Phrase grounding data:
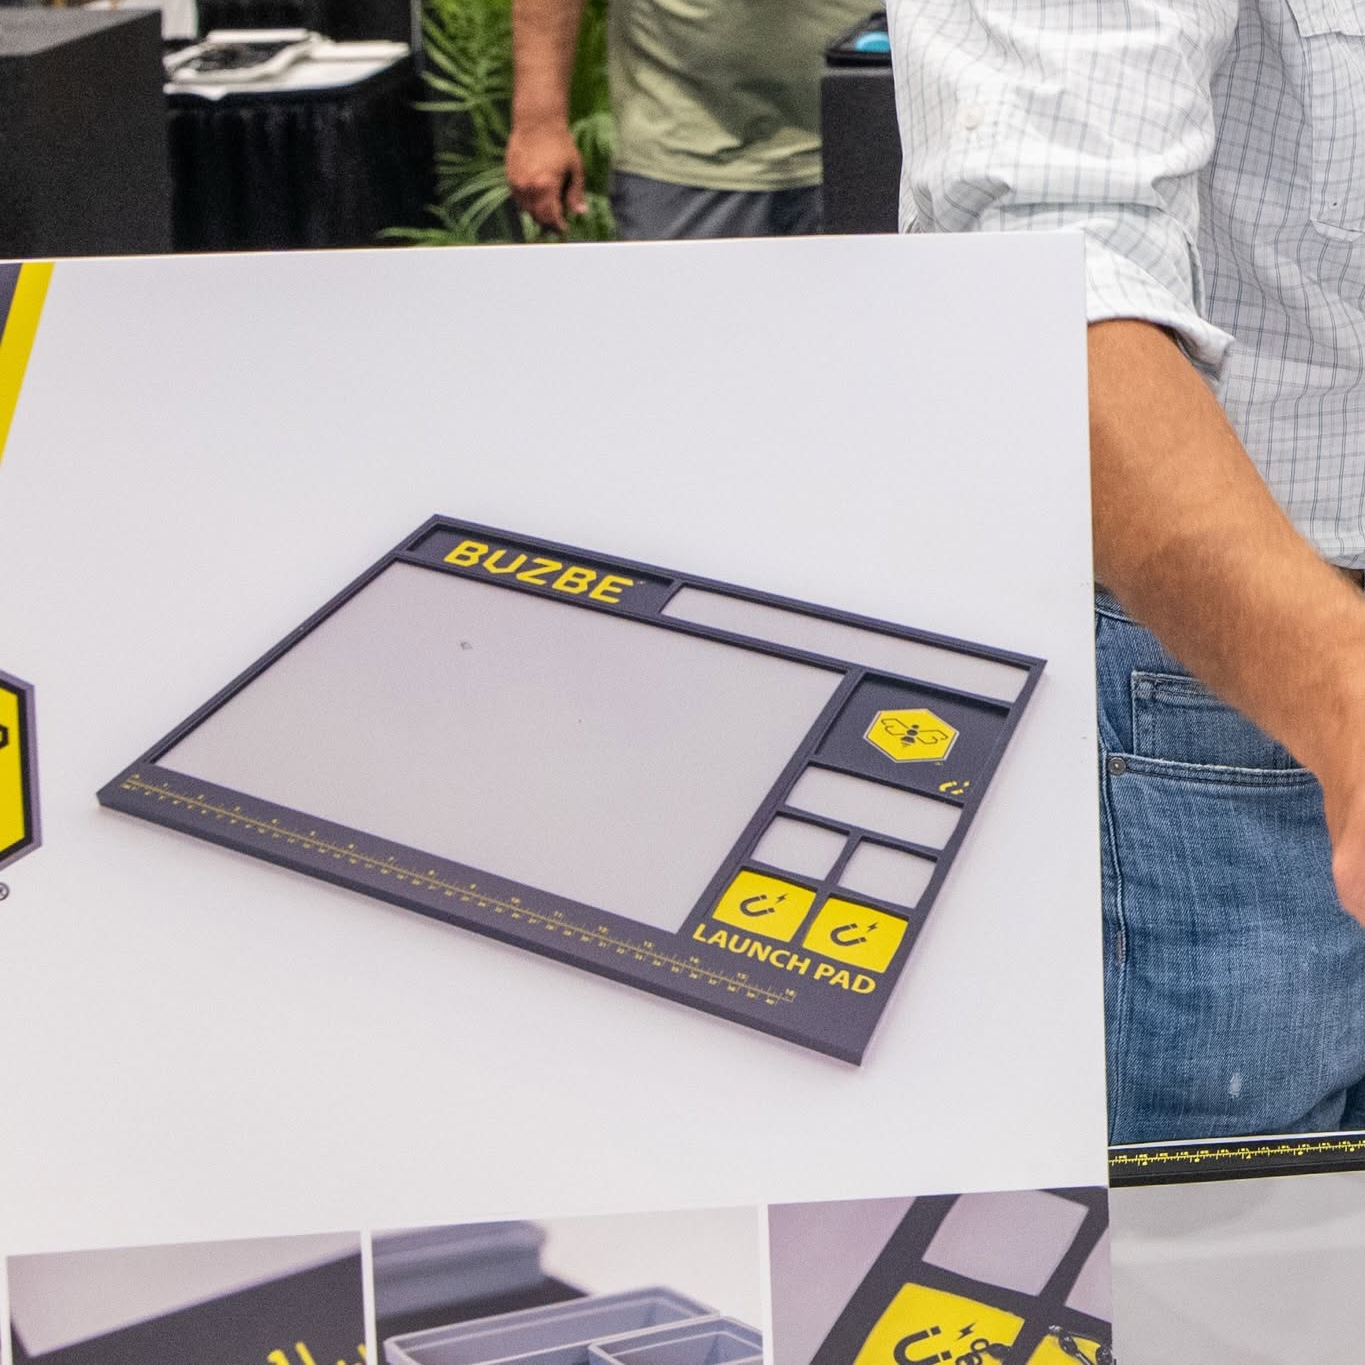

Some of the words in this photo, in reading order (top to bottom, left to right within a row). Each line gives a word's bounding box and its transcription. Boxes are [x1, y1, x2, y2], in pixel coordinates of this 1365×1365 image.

[443, 538, 636, 604] BUZBE
[691, 922, 811, 976] LAUNCH
[812, 963, 877, 996] PAD
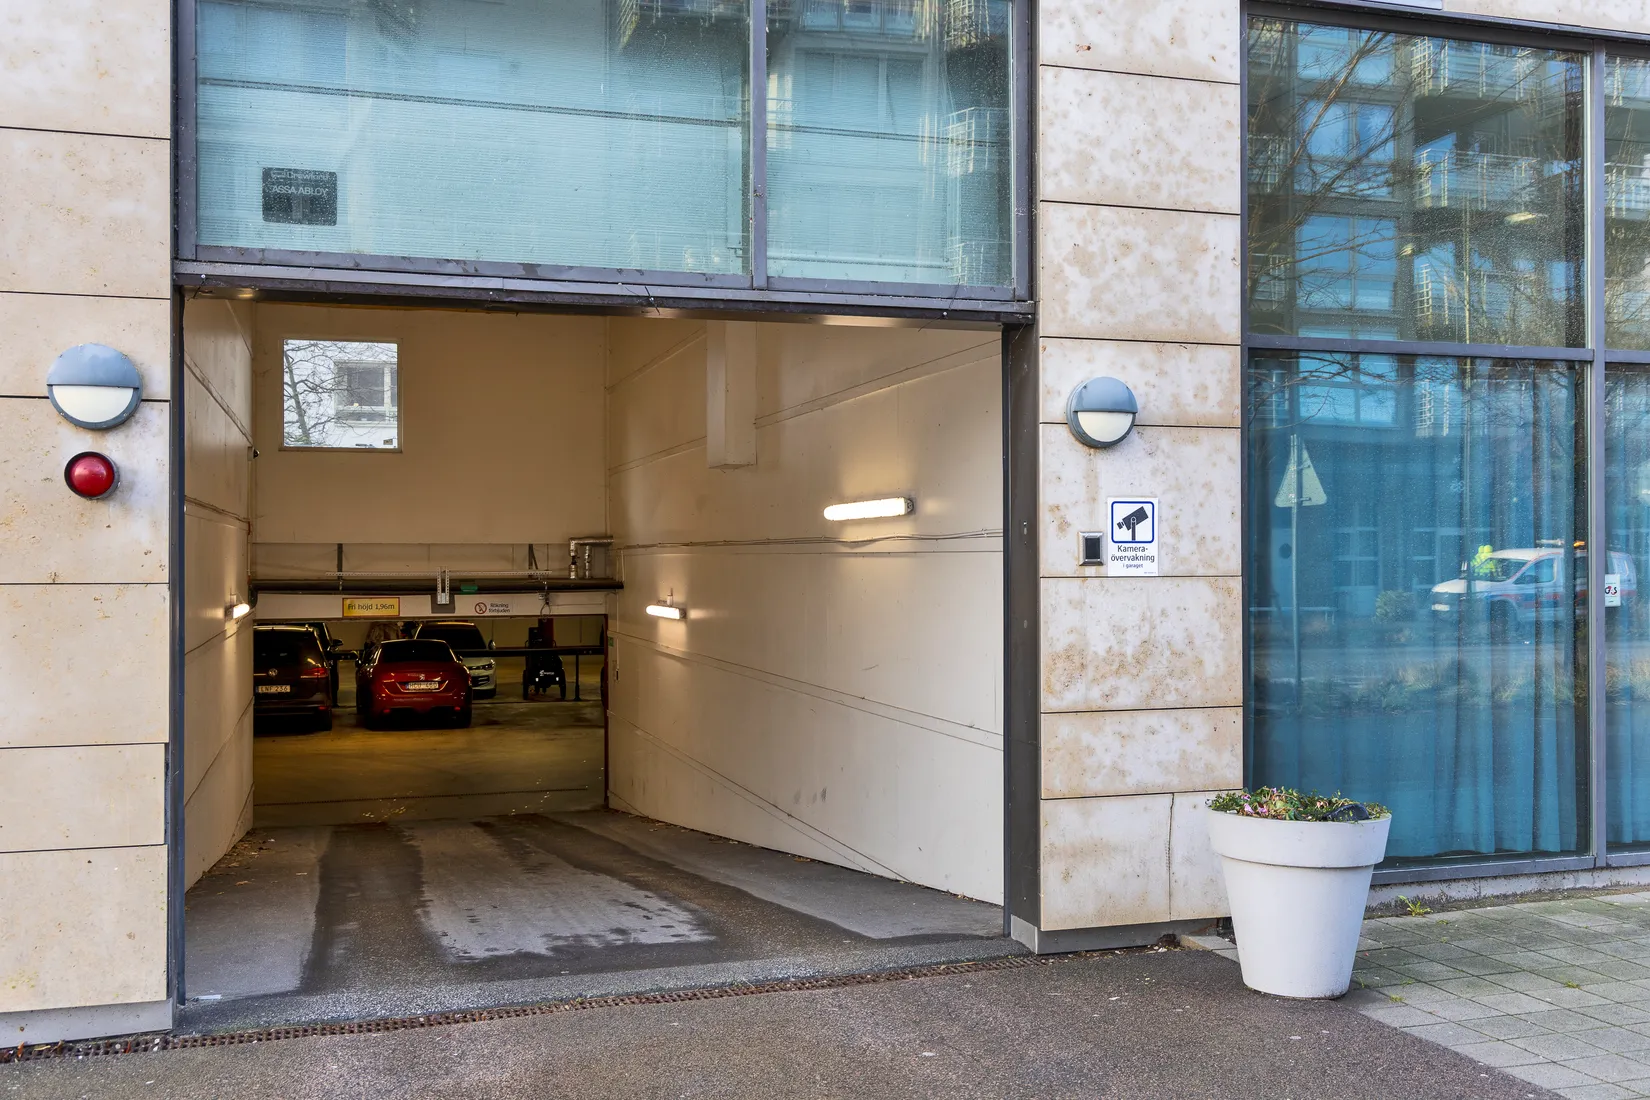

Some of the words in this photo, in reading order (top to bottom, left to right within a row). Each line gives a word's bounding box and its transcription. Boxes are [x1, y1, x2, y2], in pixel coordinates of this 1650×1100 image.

[272, 185, 298, 195] ASSA
[298, 186, 328, 197] ABLOY
[1117, 544, 1148, 553] Kamera-
[1110, 553, 1155, 563] övervakning
[357, 603, 373, 612] höjd
[375, 603, 395, 611] 1,96m
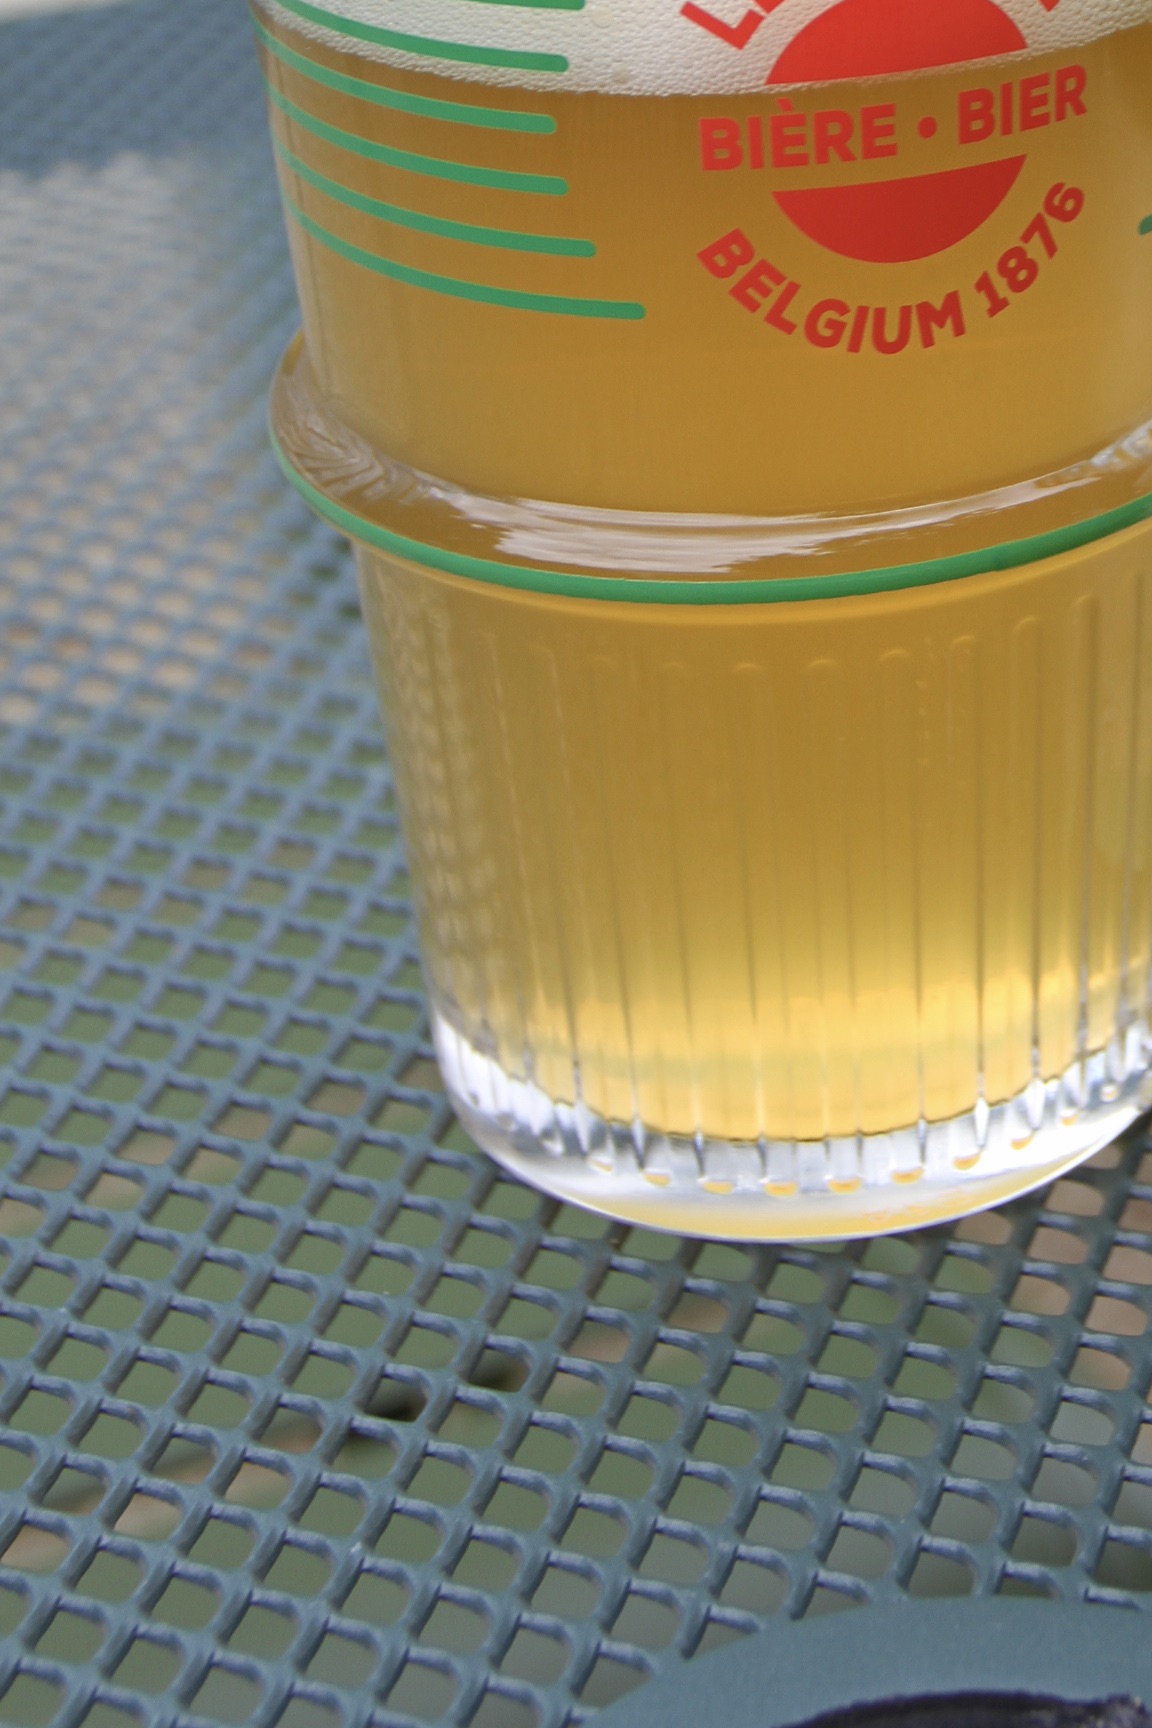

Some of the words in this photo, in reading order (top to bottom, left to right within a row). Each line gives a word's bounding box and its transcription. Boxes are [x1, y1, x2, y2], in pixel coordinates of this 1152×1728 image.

## Exercise description
Would you print, exactly as they appear, the lines from the line with "this 1650×1100 image." through the end of the entries above, leaving out the pictures?

## Solved problem
Some of the words in this photo, in reading order (top to bottom, left to right within a row). Each line gives a word's bounding box and its transcription. Boxes are [x1, y1, x2, y2], in pixel coordinates of this 1650×1100 image.

[272, 185, 298, 195] ASSA
[298, 186, 328, 197] ABLOY
[1117, 544, 1148, 553] Kamera-
[1110, 553, 1155, 563] övervakning
[357, 603, 373, 612] höjd
[375, 603, 395, 611] 1,96m

Some of the words in this photo, in reading order (top to bottom, left to right within a row). Each line gives a word's bounding box and its transcription. Boxes are [x1, y1, x2, y2], in pixel coordinates of this 1152×1728 image.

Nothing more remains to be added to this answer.